Well my grafting was a complete failure. I need more light, more magnification and a steadier hand. I won't be surprised if I get NONE to take and will be thrilled if I get 4 or 5.

I decided to buy a larva transfer station to hold the frame at the angle I want, and I ordered a 4X glass desk top magnifier with a ring of 48 LEDs. I had a 2X plastic with some leds on the side.
It wasn't nearly good enough for what I needed. Plastic just isn't clear enough and the light was worthless at that angle. 

I'll make another try next week with better equipment. I'm also going to try and get my grand daughter to take a crack at it. She's always a big helper anyway.
She can probably do it easily. 

I tried every tool, the one that worked the best was master grafting tool. The expensive one. The next best was the SS german grafting one with the side that looked like a spoon, but I could never get them off of it. The china tool worked good once... Found the JB tool to hard to use on the little bitty larva.

I can tell you, it was as difficult, and frustrating as I was afraid it was going to be.... Next step will be graft-less systems...


----------



## crocodilu911 (Apr 17, 2015)

Robbin said:


> Well my grafting was a complete failure. I need more light, more magnification and a steadier hand. I won't be surprised if I get NONE to take and will be thrilled if I get 4 or 5.
> 
> I decided to buy a larva transfer station to hold the frame at the angle I want, and I ordered a 4X glass desk top magnifier with a ring of 48 LEDs. I had a 2X plastic with some leds on the side.
> It wasn't nearly good enough for what I needed. Plastic just isn't clear enough and the light was worthless at that angle.
> ...


i am sorry you are having so much trouble Robin. i have used in the past http://www.officedepot.com/a/products/351470/V-Light-Daylight-Magnifier-Clamp-On/ and i liked it. i still have good eyes and i do not need it, but i did had better results when i used it.
i got my queens out of the hive. the first one i grafted in the 5 frame nuc box, they all hatched on the 4th -5th. but the other ones i did in the other hive , sunday on the 7th,were still not hatched, that means i had grafted too young and the nuc box i grafted too old. https://www.youtube.com/watch?v=vpV7gw15ULA
the video is shot with my phone. i had started the camera, but again i had issues with it. i think it is time for a new one. the video is not great, and it is sideways. i do not know how to work on th evideo , to edit or anything like that. 

i did made 12 nucs, and introduced the queens in there. i did that sunday , and i will go check on them tomorrow and make sure they were relesead from the cages. so if that works i will have 33 hives. one of my big hives also had a problem, they changed queen, and so i could not make 2 nucs of it as i planned. i would have had 14 made, but it just did not worked out. i could probably split again in 1 month and set them up to where this winter they will be good to go, but for now i am stoping here. 33 hives is a lot for a part time hobby. on the other hand, the wife was complaining about me spending time out there, and after i told her i have over $4500 in hives right now, if i was to sell, she calmed down a bit  plus at least 2 drums of honey on them. 
i bought a new extractor, 4-8 frames, it came in today. this weekend i will go extract some honey. 

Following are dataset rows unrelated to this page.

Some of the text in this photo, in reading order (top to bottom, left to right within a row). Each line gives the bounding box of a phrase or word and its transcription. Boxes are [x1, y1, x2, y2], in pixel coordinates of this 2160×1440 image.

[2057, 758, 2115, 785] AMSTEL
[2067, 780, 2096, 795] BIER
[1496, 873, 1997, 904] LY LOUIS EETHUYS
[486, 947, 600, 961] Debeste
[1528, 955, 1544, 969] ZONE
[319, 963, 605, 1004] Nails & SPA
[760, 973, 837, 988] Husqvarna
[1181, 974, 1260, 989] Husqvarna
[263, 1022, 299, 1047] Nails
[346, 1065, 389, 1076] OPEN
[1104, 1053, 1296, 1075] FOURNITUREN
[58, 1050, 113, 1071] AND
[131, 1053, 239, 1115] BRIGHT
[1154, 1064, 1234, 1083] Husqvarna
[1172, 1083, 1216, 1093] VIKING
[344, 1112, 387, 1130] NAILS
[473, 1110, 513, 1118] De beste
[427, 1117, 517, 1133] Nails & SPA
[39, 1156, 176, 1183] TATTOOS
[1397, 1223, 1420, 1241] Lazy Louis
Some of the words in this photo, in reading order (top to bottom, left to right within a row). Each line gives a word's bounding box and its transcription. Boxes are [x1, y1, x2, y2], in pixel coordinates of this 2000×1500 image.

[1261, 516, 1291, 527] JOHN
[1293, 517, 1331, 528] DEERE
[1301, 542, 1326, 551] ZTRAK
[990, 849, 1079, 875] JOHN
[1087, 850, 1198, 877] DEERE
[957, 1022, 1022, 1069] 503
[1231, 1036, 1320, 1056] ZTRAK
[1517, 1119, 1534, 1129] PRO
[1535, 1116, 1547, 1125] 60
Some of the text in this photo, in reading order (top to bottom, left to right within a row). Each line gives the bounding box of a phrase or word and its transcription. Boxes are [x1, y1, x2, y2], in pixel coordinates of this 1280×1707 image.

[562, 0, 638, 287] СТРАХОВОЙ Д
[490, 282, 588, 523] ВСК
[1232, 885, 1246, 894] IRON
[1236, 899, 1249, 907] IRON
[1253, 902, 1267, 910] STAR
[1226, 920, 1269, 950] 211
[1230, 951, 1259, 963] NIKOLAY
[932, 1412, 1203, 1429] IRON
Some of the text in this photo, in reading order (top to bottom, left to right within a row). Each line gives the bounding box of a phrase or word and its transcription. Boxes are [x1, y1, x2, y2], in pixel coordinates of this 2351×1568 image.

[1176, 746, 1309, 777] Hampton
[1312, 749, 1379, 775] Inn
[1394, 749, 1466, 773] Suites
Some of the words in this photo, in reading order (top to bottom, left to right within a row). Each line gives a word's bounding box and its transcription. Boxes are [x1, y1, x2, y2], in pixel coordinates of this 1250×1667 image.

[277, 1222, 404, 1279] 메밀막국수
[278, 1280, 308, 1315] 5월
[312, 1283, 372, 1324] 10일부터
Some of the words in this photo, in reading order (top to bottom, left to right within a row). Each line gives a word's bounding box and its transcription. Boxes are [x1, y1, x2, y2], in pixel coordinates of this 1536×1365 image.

if they relesed my queens, and if the weather is not going to be bad, by sunday, i will know if they are laying...they should mate by then.

let me know what you think, and please do not critic the quality of the video....i also was having a party going on at the house as i was dooing this, and had some margaritas )))

robin, do not dispare, it is easyer after you do it a few hundred times  joke


----------



## crocodilu911 (Apr 17, 2015)

oh, and i remember why i used to work bees on pallets and forklift. i had to move 12 x10 frame boxes, load them in the pickup, drive 30mi, unload in the new beeyard....i can tell you am am a big strong man, but at 90F and the humidity and oh yeah, the honey i had in those boxes, it broke my back. those hives are so heavy it;s not even funny. at least i know i do not have to feed for the next 6 months )


----------



## tpope (Mar 1, 2015)

If it were easy everybody would be doing it. Those boxes do get heavy in the heat and humidity.
I like your solution to the hair rollers on the cups.


----------



## crocodilu911 (Apr 17, 2015)

tpope said:


> If it were easy everybody would be doing it. Those boxes do get heavy in the heat and humidity.
> I like your solution to the hair rollers on the cups.


Yup they do get heavy. So what do you think of my efforts  
i really think it is easy, but i grew up into it so it comes natural. I was just trying to show my own no head ake method of dooing it.


----------



## tpope (Mar 1, 2015)

I like what you have shown thus far. I am studying how I can follow your lead. Please continue to instruct about your methods.


----------



## Robbin (May 26, 2013)

I wrote this in another thread... but it was intended for this one.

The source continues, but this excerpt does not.